Clinical Outcome of Transcervical Infusion of a Combination of Procaine Penicillin and Gentamicin in Late-term Pregnant Mares.

Transcervical intrauterine infusion of antibiotics may more effectively treat pathogens associated with fetal and neonatal disease in pregnant mares than standard systemic routes. The objective of this study was to assess the safety of transcervical antibiotic infusion by characterizing the gestational outcome in nine healthy pregnant pony mares following a single transcervical infusion of 2.4 million IU of procaine penicillin and 200 mg of gentamicin in a 10 mL volume during late gestation.

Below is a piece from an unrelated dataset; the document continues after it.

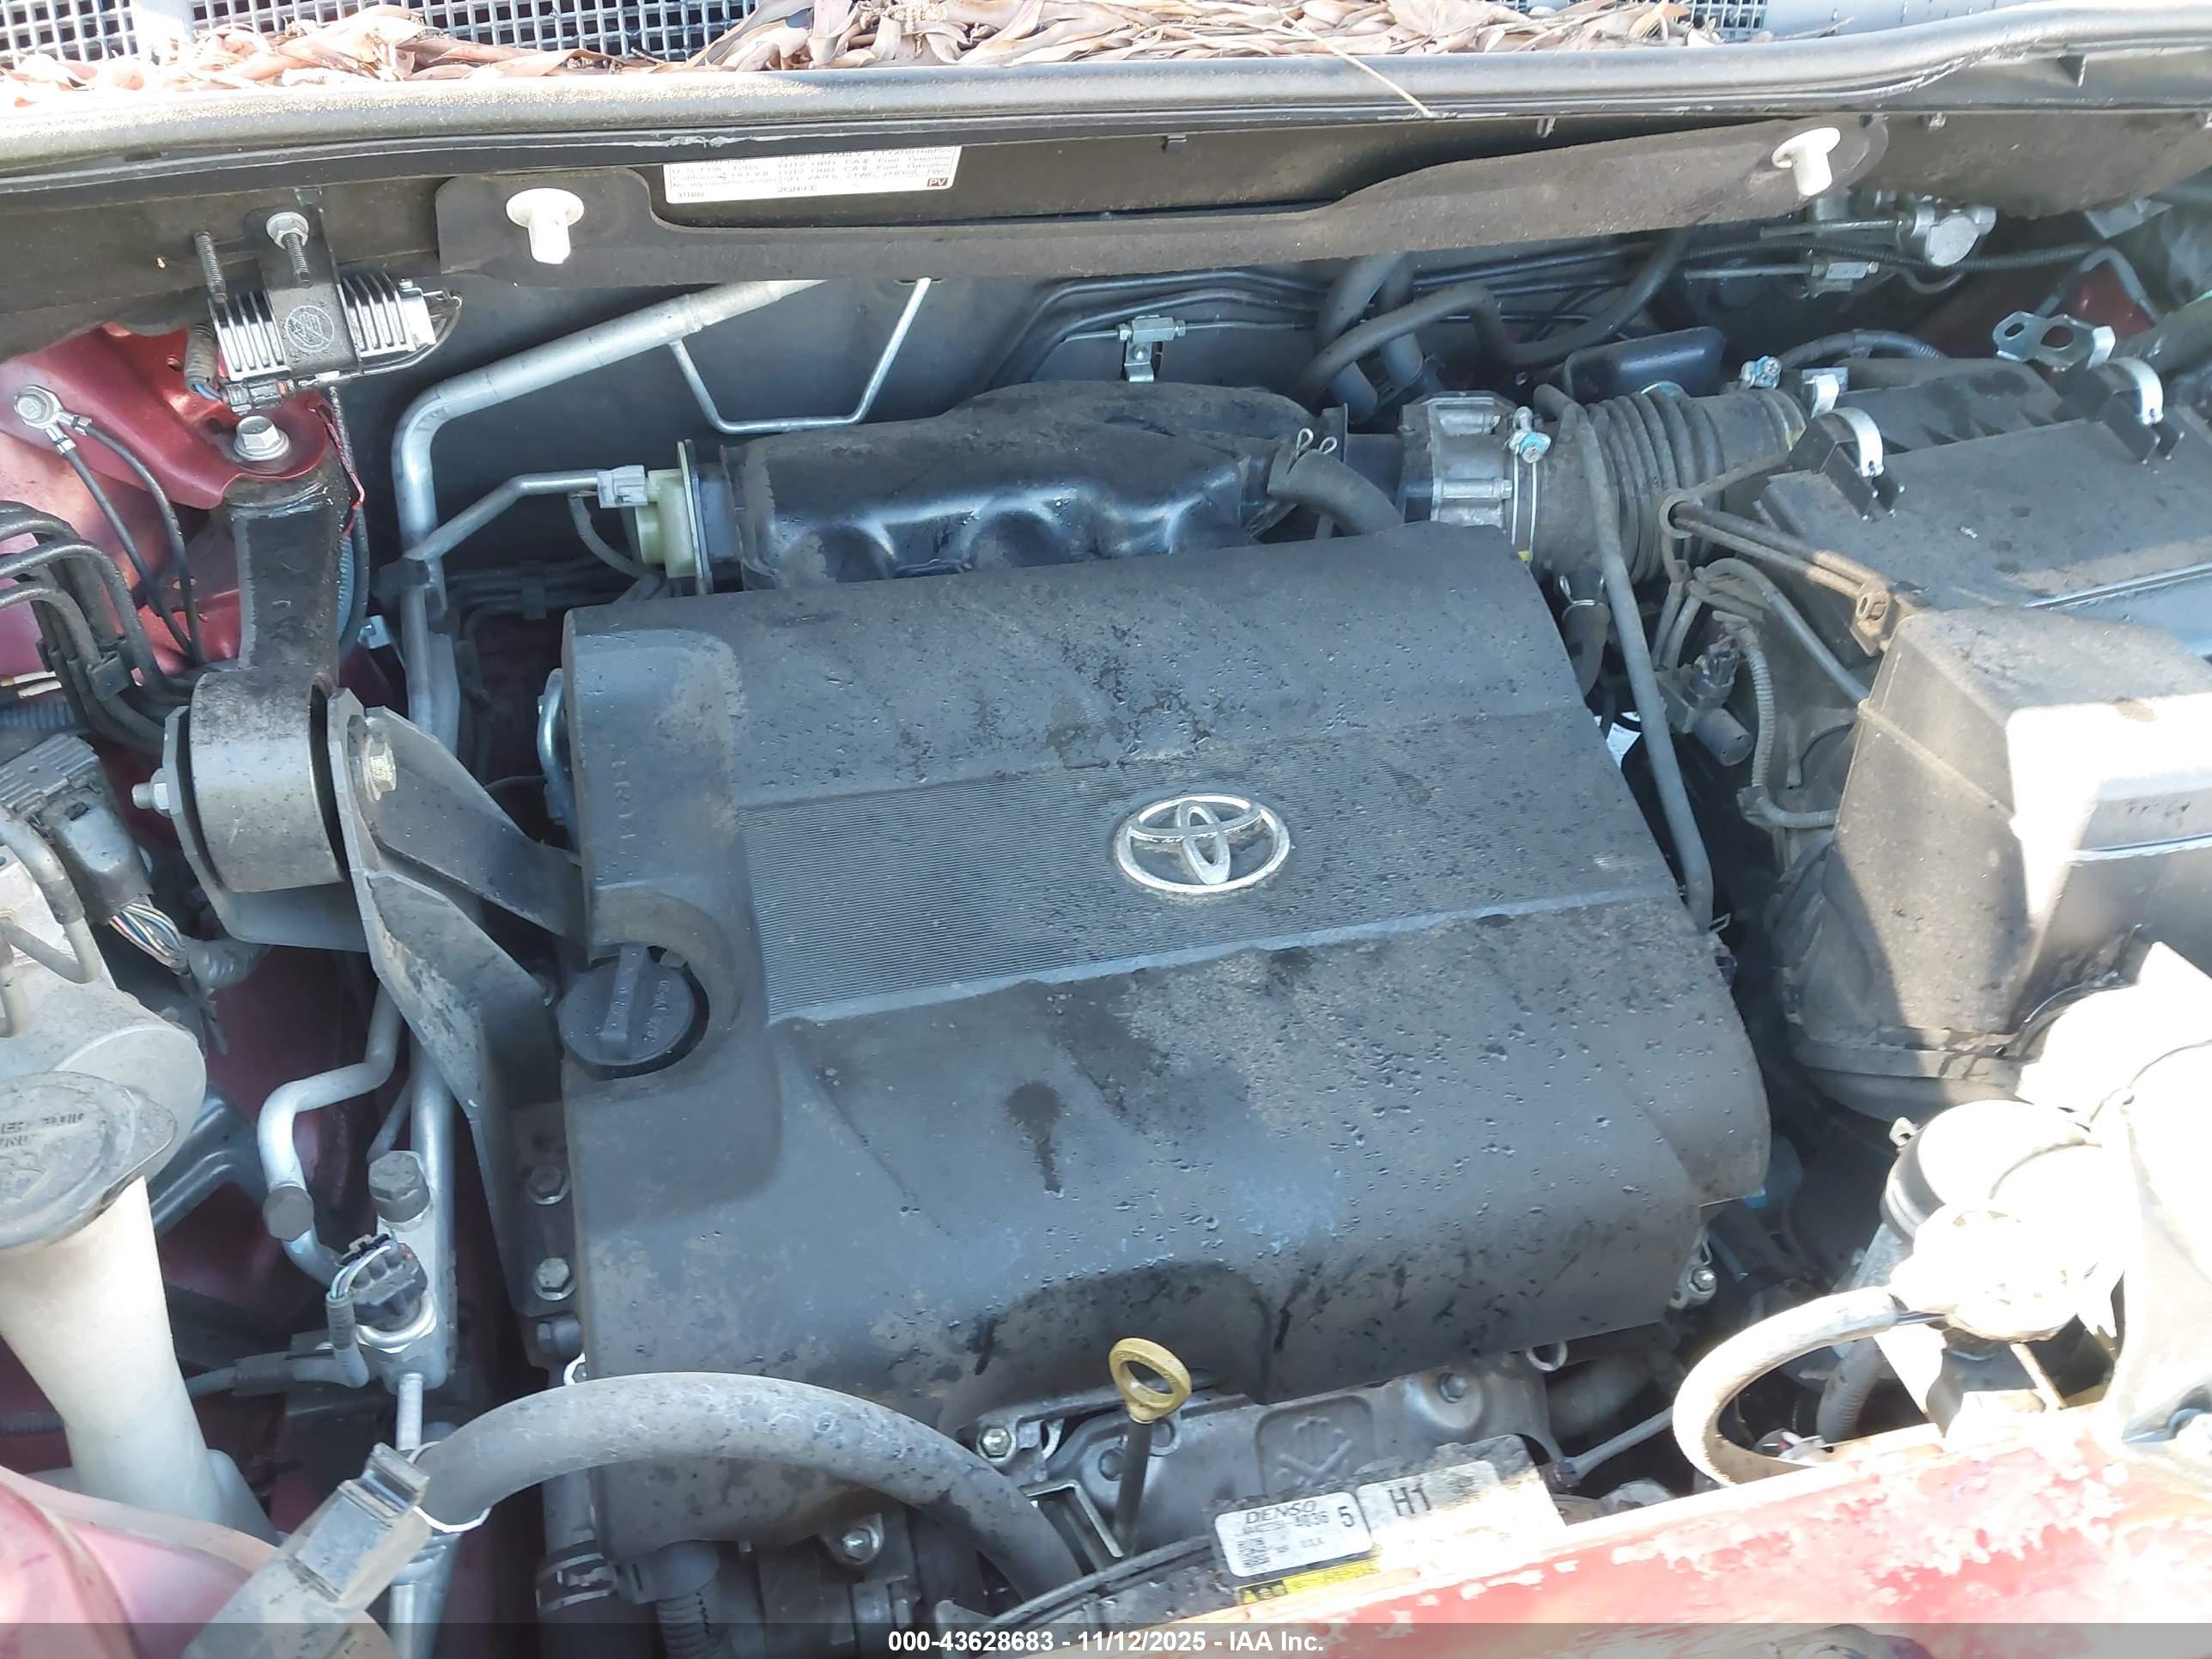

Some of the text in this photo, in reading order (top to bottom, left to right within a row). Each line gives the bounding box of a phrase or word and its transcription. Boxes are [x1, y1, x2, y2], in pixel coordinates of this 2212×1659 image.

[1245, 1500, 1316, 1524] DENSO
[1388, 1484, 1431, 1516] H1
[1337, 1506, 1355, 1528] 5

Assessment of fetal-placental health was performed through serial measurement of the combined thickness of the uterus and placenta (CTUP) and fetal heart rate and mares and foals were closely monitored in the periparturient period. Fetal heart rate and CTUP remained unchanged after infusion, with no evidence of fluid accumulation or significant increase at the time-points 24, 48, and 72 hours. All mares foaled without complication 12-58 days after antibiotic infusion at a mean gestational age of 322.7 ± 12.7 days. Two out of nine foals displayed signs of mild neonatal maladjustment syndrome that responded to minimal supportive care and all foals survived to weaning without further complications.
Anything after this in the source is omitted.